Comment by AshamedCaptain
1 day ago
Why is it that right now there is still on the frontpage of an "article being found flawed after 6k citations " ( https://statmodeling.stat.columbia.edu/2026/01/22/aking/ ) but this random article coming out of nowhere makes the front page on the same day?
People really should get it and stop sharing newly published papers to the general public. The value of one single academic paper is exactly 0. Even a handful of such articles still has 0 value to the general public. This is only of interest to other academics (or labs, countries, etc.) who may have the power to reproduce it in a controlled environment.
Be very skeptical of correlations like this that have dubious or poorly understood causation. Be even more skeptical if they are about day-to-day stuff that would likely have large swaths of people able to reproduce something like it on huge scales yet they haven't. Extraordinary claims require extraordinary evidence.
You can also look at all the papers it's citing too...
This article is not making an extraordinary claim, and your offence is hyperbolic. Analysis of research should not be restricted to the academe, but careful not to cherry puck research.

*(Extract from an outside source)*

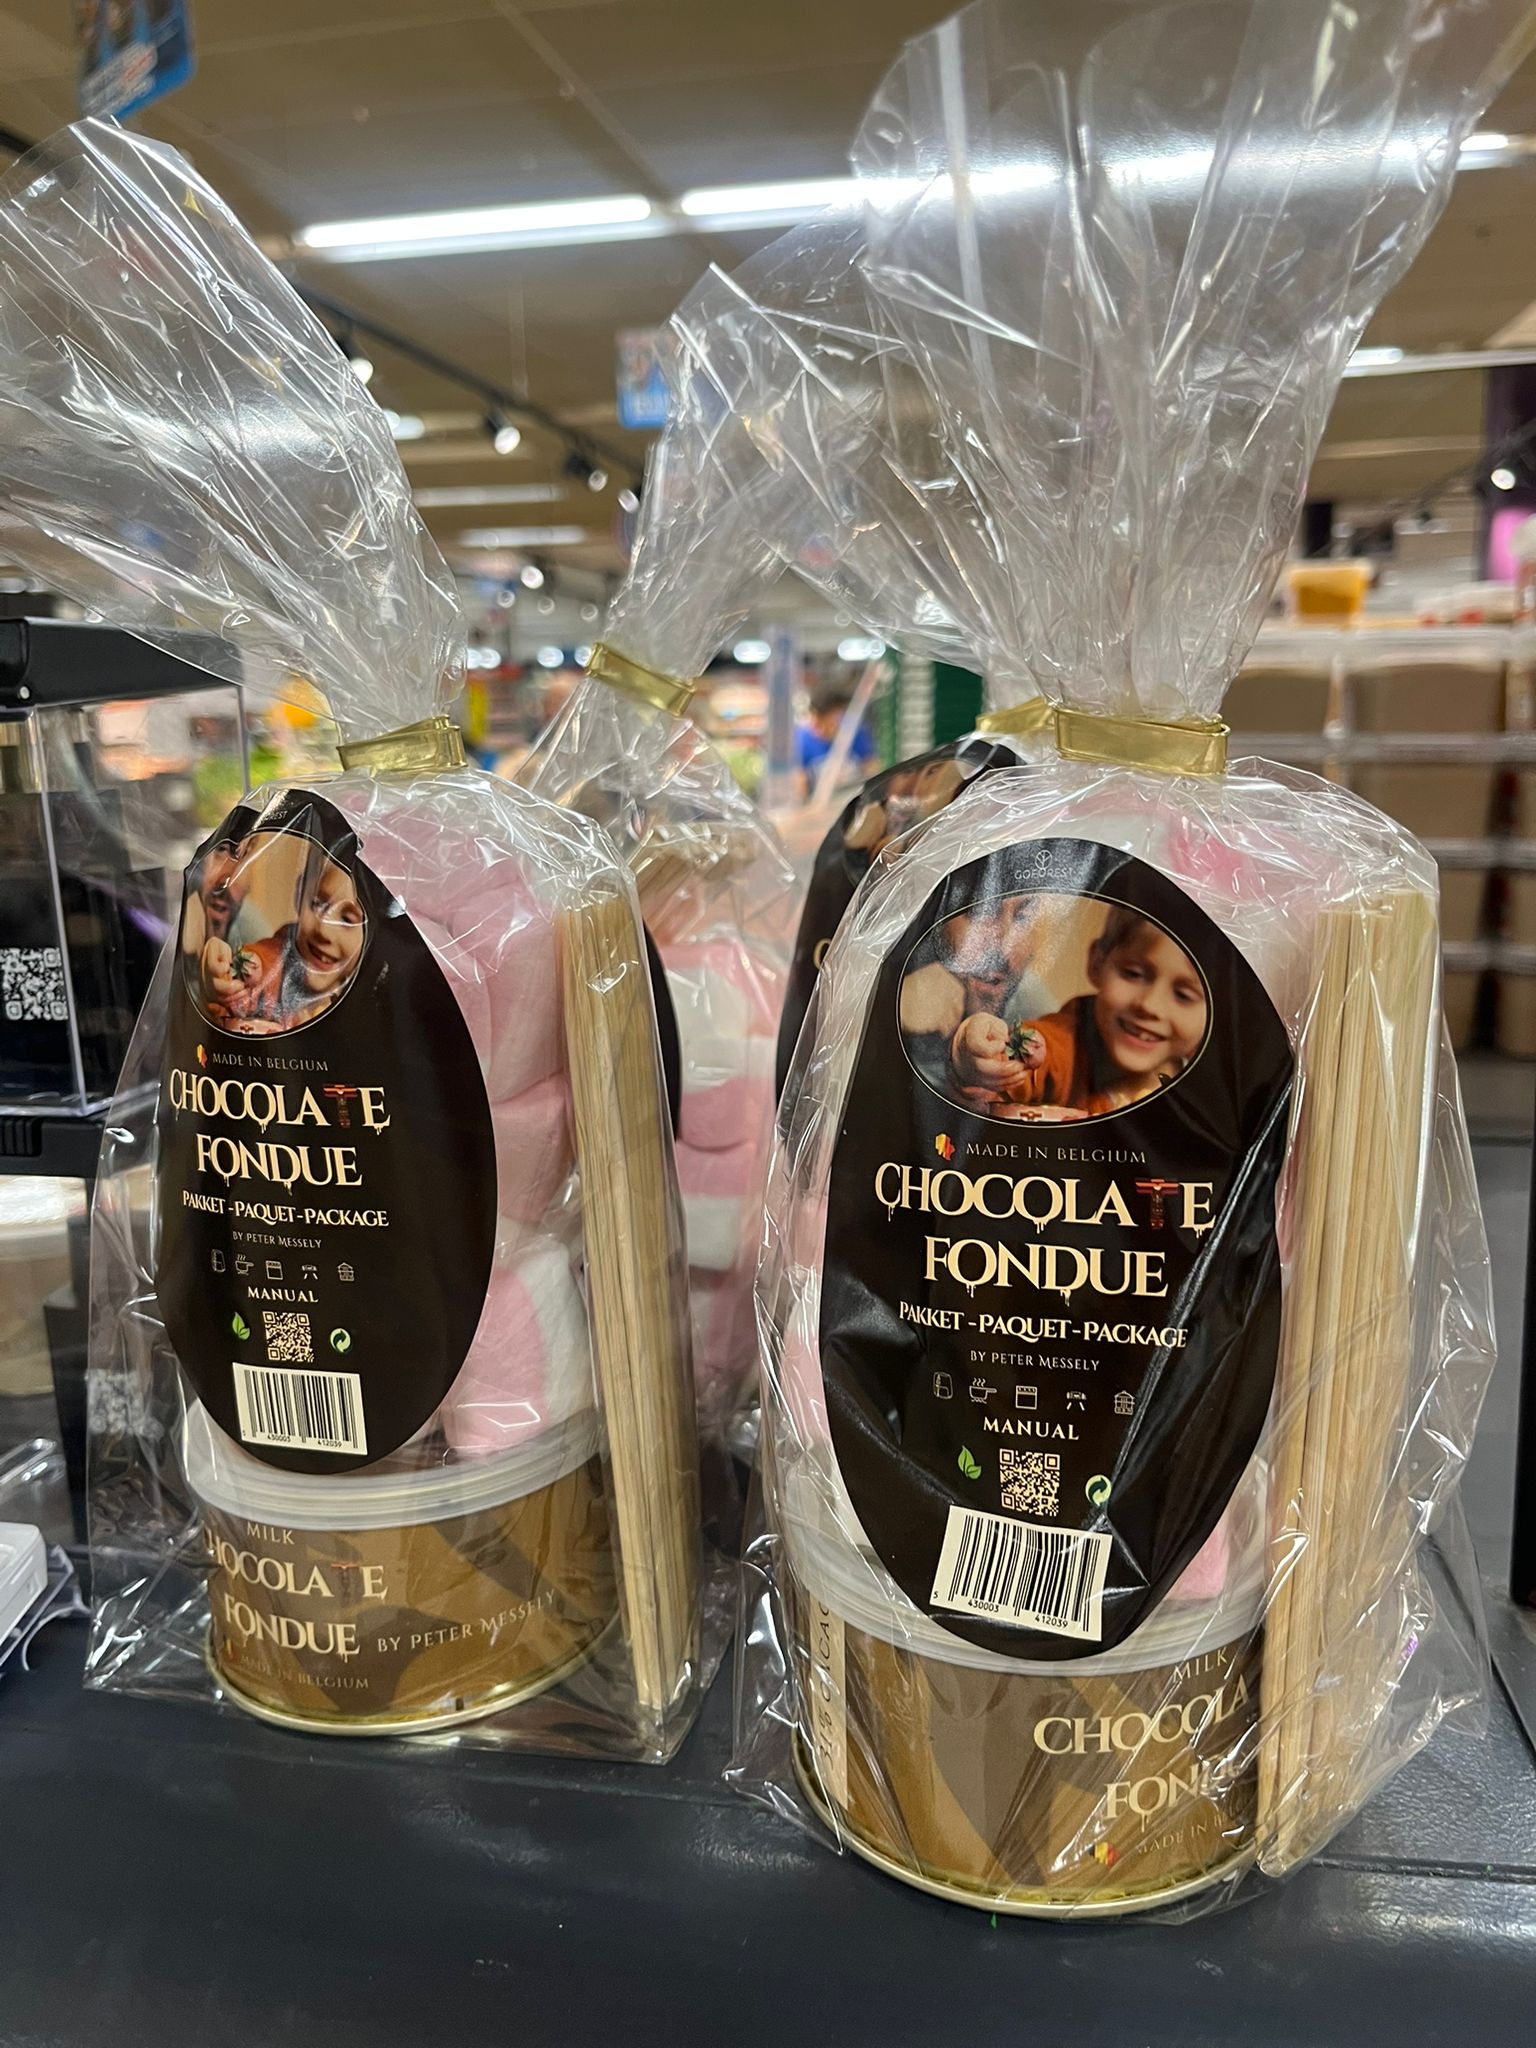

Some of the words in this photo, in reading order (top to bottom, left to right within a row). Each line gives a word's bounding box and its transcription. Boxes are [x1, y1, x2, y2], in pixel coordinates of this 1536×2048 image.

It seems like a pretty extraordinary claim to me.
Considering the percentage of live mitochondria that are exposed to external light in a human this seems like an enormous effect. The effect we'd expect from publication bias though is already pretty big. I'm going to go with the latter until we've got some replication, and a plausible mechanism (like.. why wouldn't whales be badly sick if this was a thing?).
I don't know about the mitochondria bit, but it is plausible that work performance is affected by light spectrum. The n=22 is too small, but replication or larger studies is an obvious next step. Let's hope the researchers in this field use pre registration.
The article mentions that unlike visible light, which is mostly absorbed by the skin, near infrared light penetrates deep into the body and the lowest frequencies of the Solar spectrum pass through the entire body.
This explains why most mitochondria are exposed to infrared light, even those deep in the body.
The article also mentions an inhibiting effect of blue and violet light upon mitochondria. For that it should be valid what you say, that this effect can happen only in the superficial layer of the body, because both skin and blood strongly absorb such light.